F-I-D-O · 2024-09-20T12:01:37Z

@F-I-D-O, i've got an issue with integration tests, which im not really sure how to solve. The integration tests work fine if the tables are clear (or at least do not influence test data), but im afraid that these tests shoulnd't be run, if the user has already uploaded some data (these tests could lead to modifications of original data)

The test should be run in a test scheme, just like the SQL unit tests. The scheme should be initialized empty before any test.

F-I-D-O · 2024-09-20T12:02:12Z

Additionally, integration tests should contain tests testing the whole pipeline at once

zlochina · 2024-09-21T13:07:38Z

@F-I-D-O, i've got an issue with integration tests, which im not really sure how to solve. The integration tests work fine if the tables are clear (or at least do not influence test data), but im afraid that these tests shoulnd't be run, if the user has already uploaded some data (these tests could lead to modifications of original data)

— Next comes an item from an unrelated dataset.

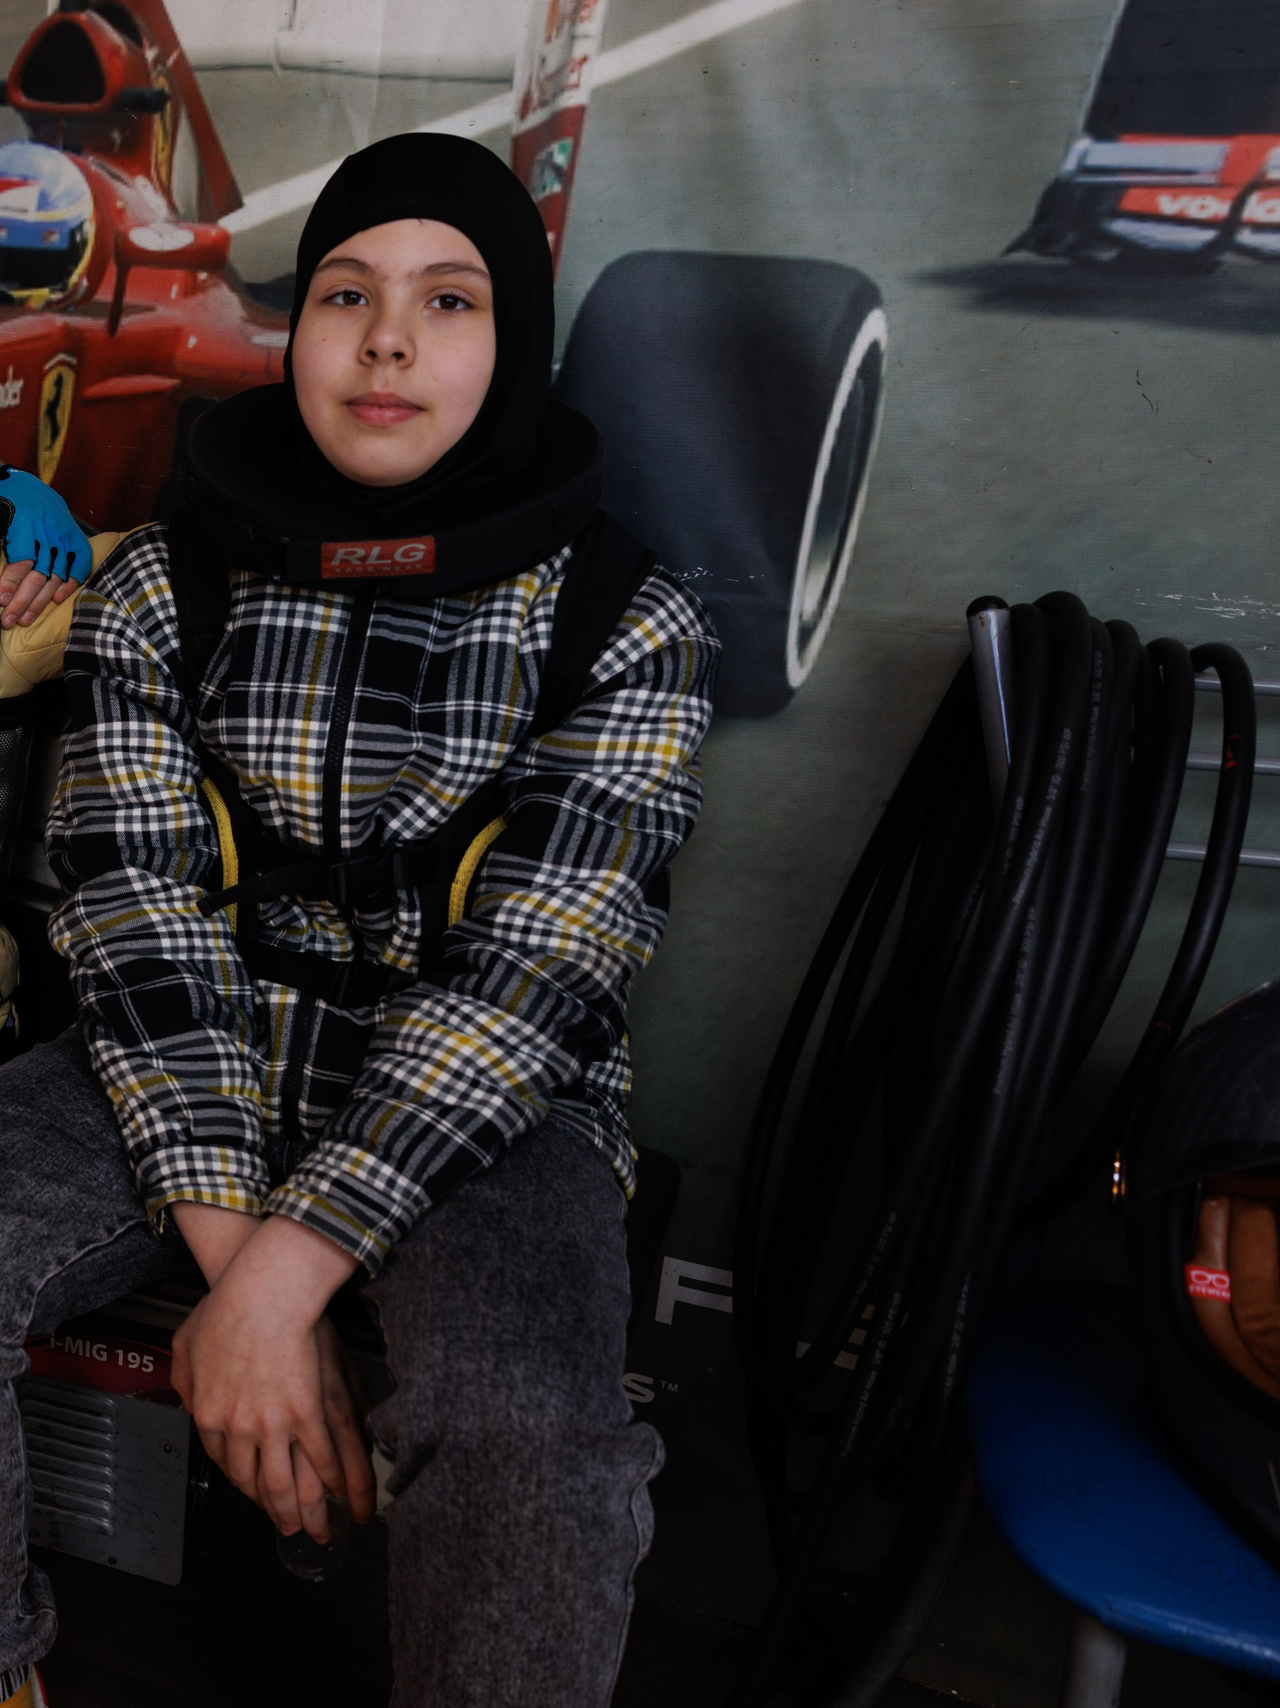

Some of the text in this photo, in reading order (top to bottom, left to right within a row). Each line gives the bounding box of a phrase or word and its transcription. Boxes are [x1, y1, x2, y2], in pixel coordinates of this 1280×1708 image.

[331, 543, 427, 565] RLG
[382, 564, 422, 572] WEAR
[50, 1333, 154, 1373] i-MIG 195

The test should be run in a test scheme, just like the SQL unit tests. The scheme should be initialized empty before any test.

UPD: resolved

zlochina · 2024-09-21T13:08:24Z

Additionally, integration tests should contain tests testing the whole pipeline at once

they were already. From setting up the tables up to contraction/computing strongly connected components

zlochina · 2024-10-09T14:53:45Z

@F-I-D-O, would like your review on assertion of the export. I've done it in such way, that I've computed resulted files' md5 hashes and they are asserted against newly generated files at each execution of the test.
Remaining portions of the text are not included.